Publicado
em dezembro de 1989, em Montevidéu, sob a rubrica “Ediciones Del Chanchito” e
distribuído pela América Latina, aparecerá, em breve, no Brasil, El Libro de
los abrazos de Eduardo Galeano.
Desde
que se iniciou, no jornalismo, com charges políticas, ainda adolescente, trinta
e sete anos se passaram para que ele unisse os seus talentos de escritor e de
desenhista. Finalmente, eles se abraçam nessa obra, se completam, embora, por
vezes, pareçam pertencer a mundos diferentes.
São
duzentas e cinqüenta e oito páginas, onde, contidos por uma linha que lhes
impõe fronteiras, reinam cento e noventa
e um texto e uns cem desenhos.
Como
Dias y noches de amor y de guerra, Prêmio Casa de las Américas, 1978, em
cuja epígrafe consta tratar-se de histórias reais, escritas a partir de
lembranças do autor, El Libro de los abrazos é, também, um livro
de lembranças. Certamente, mais emocionadas.
Onze
anos se passaram entre um livro e outro e foram anos sem inocência para o
Continente. A vida firmemente enlaçada à vida de seus semelhantes e às coisas
da América, Eduardo Galeano, agora, recorda, retomando a etimologia do verbo
latino, voltar a passar pelo coração.
De
suas andanças pelo Continente, de suas tantas extraordinárias vivências, de
suas ternuras, resulta um livro habitado
por figuras e atos exemplares que se sobrepõem aos negros abismos de ignorância
e maldade que, também, ou , principalmente, fazem a história do Continente.
Como
se possuísse a América inteira, Galeano vai de Manágua a Buenos Aires, de
Santiago do Chile a Nova Iorque, de Montevidéu ao México.
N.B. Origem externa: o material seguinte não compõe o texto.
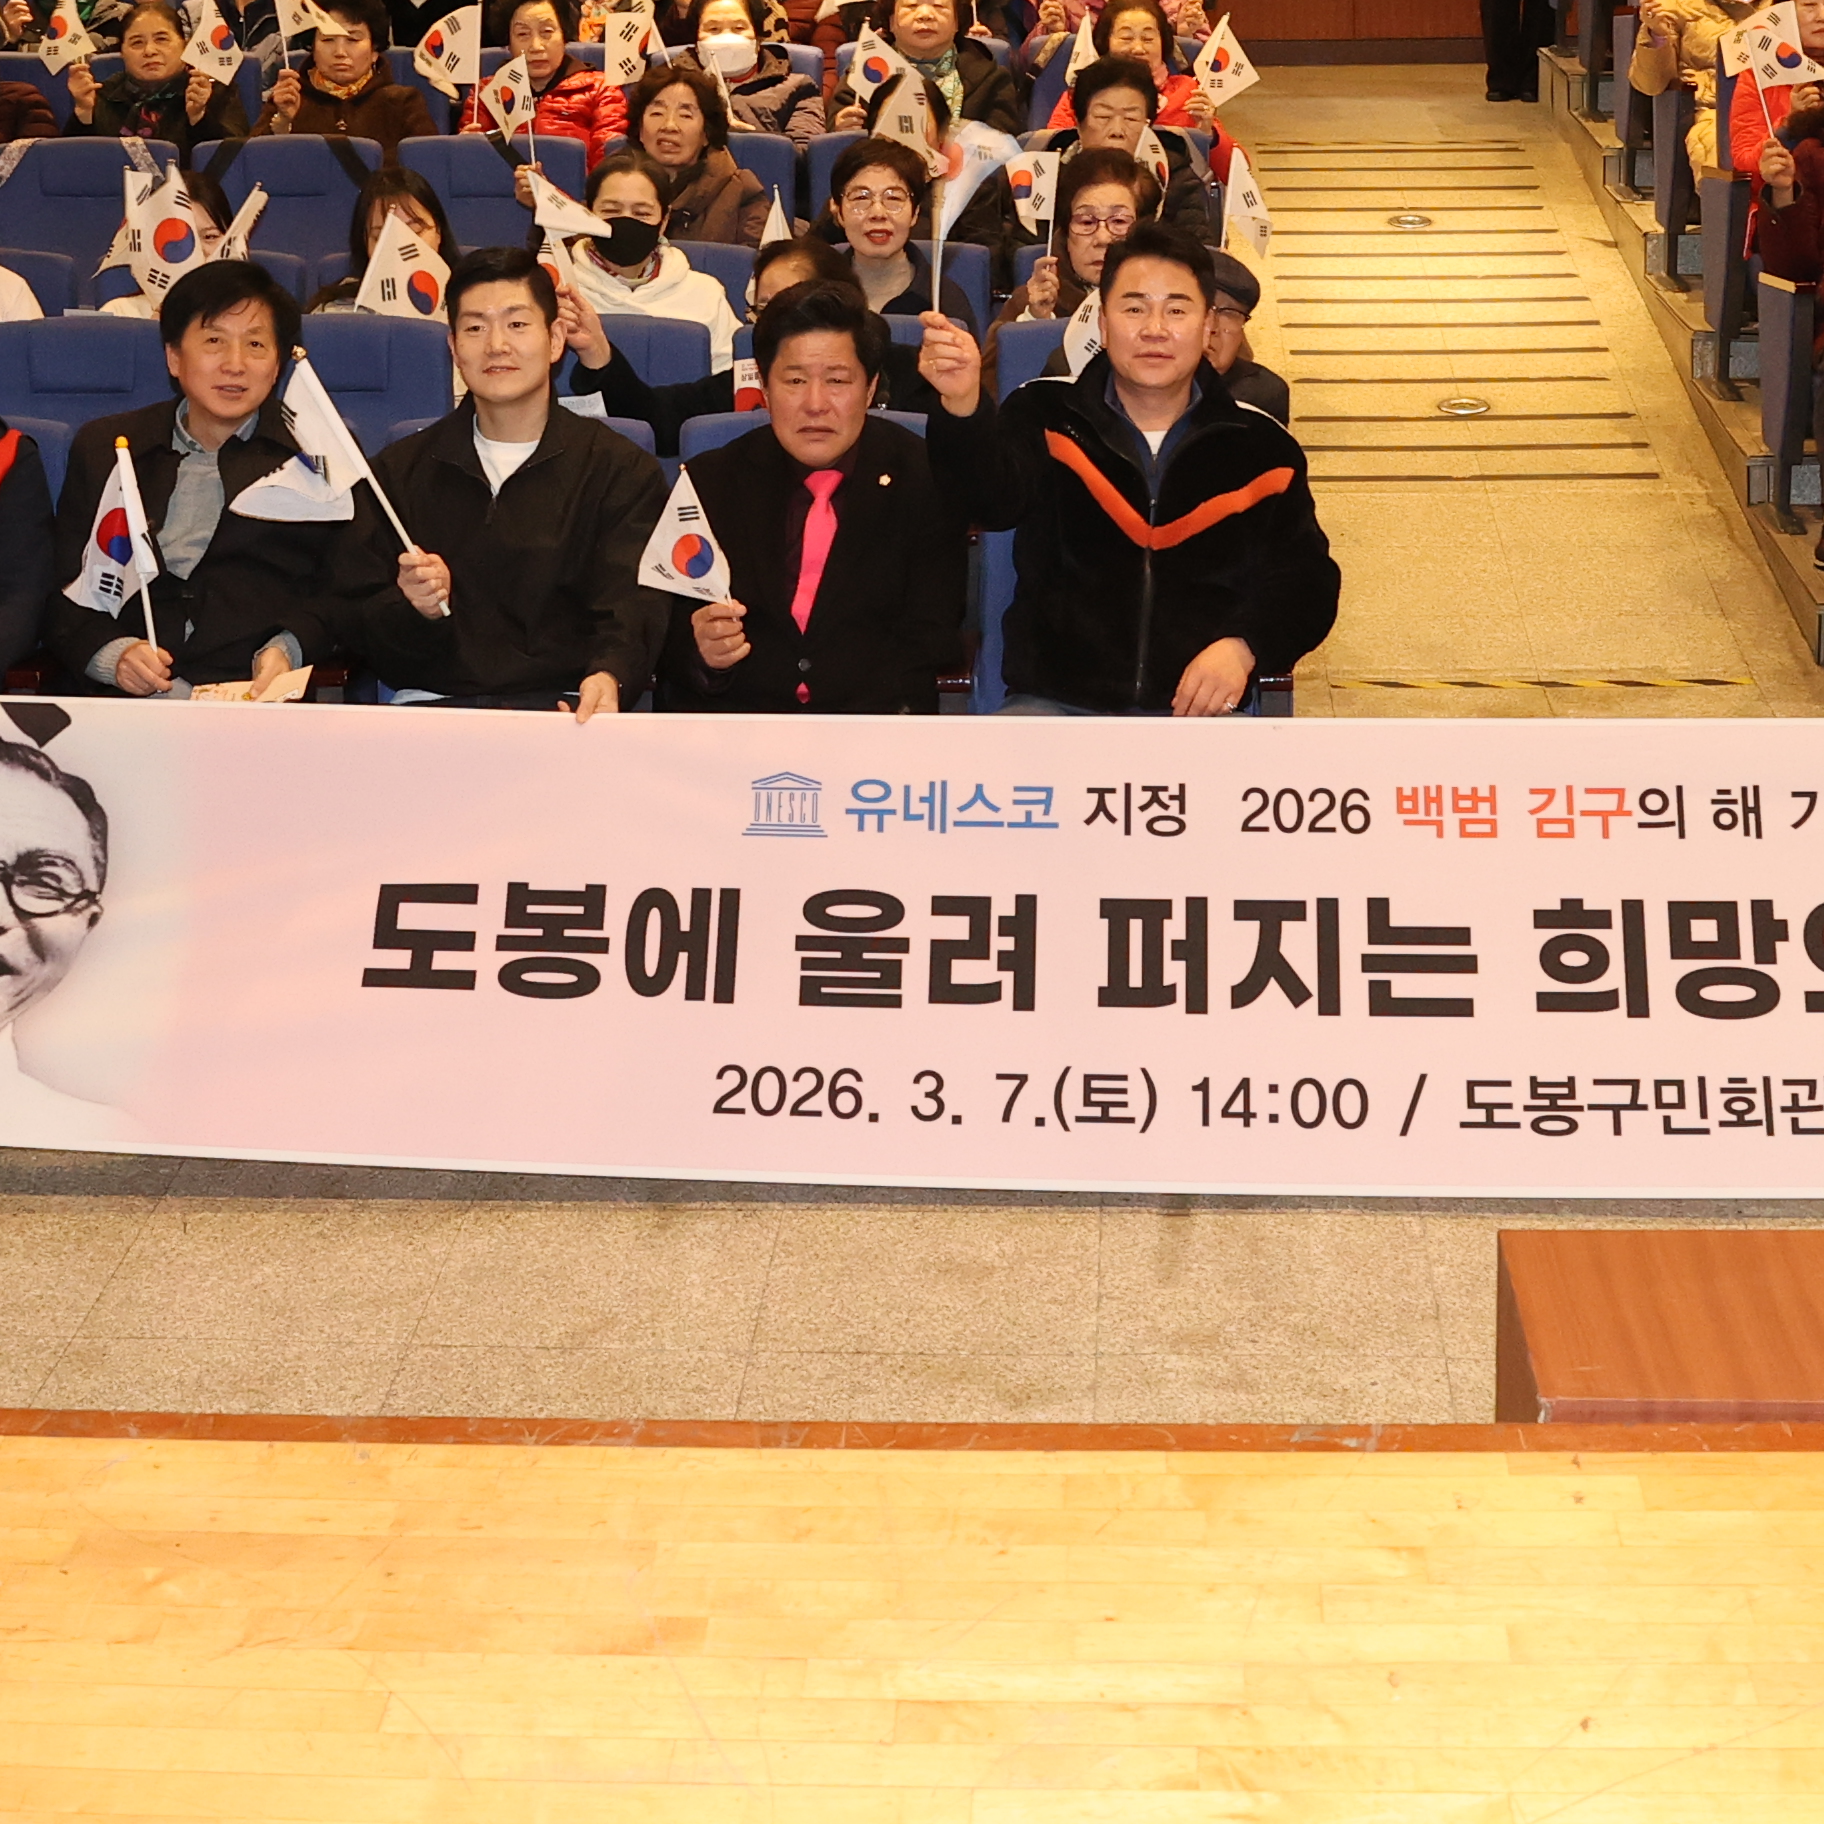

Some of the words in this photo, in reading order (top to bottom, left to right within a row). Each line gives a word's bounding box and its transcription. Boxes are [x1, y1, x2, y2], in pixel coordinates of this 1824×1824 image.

E a possui, ao
permitir-lhe a entrada no coração. É dele que o Continente emerge pela voz das
crianças, dos índios, dos presos, das palavras escritas nas paredes.
Por
vezes, são figuras conhecidas as que aparecem. Neruda, Onetti, Benedetti,
Cortázer, Árguedas, Gelman. Outras, aquele personagem luminoso, que o
acaso colocou no seu caminho e que, recriado por ele, passa a testemunhar a
vida do Continente.
Assim,
a risonha história daquele motorista da linha 68 da cidade de Havana que
abandona o ônibus que dirigia, mais os seus passageiros, para se lançar à conquista de uma bela jovem que
tomava sorvete na esquina.
Ou,
a tristemente memorável história de Bráulio Gómez, um dos músicos do conjunto
“Los Olimareños”. Na prisão, onde havia ido parar por se dedicar à leitura de
uma biografia de José Artigas, de alguns poemas de Antonio Machado e do Pequeno
príncipe, um soldado, porque sim, lhe pisara sobre os dedos. Ao chegar,
exilado, em Barcelona, Eduardo Galeano se ofereceu para fazer-lhe uma
entrevista onde pudesse contar isso que lhe acontecera. Bráulio Gómez prefere
calar, explicando que cedo ou tarde, a mão iria ficar curada e que ele não
desejaria, então, desconfiar dos aplausos.
Mas,
entre emoções e sonhos e ditos infantis
e encontros de amizade e acertos com o passado, ainda
sobram as histórias que acontecem num Continente habitado por racistas, por
preconceituosos, por hipócritas, por oportunistas, por exploradores, por
desmemoriados, por colonizados.
No
prazer do texto, na sedução das imagens e das palavras é quando, docemente
envenenadas, se inserem as flechas. E delas precisa o Continente.
A Cultura do
terror /7
O
colonialismo visível te mutila sem dissimulação: te proíbe dizer, te proíbe
fazer, te proíbe ser. O colonialismo invisível, ao contrário, te convence de
que a servidão é o teu destino e a impotência de tua natureza: te convence de
que não se pode dizer, não se pode fazer, não se pode ser. Eduardo Galeano.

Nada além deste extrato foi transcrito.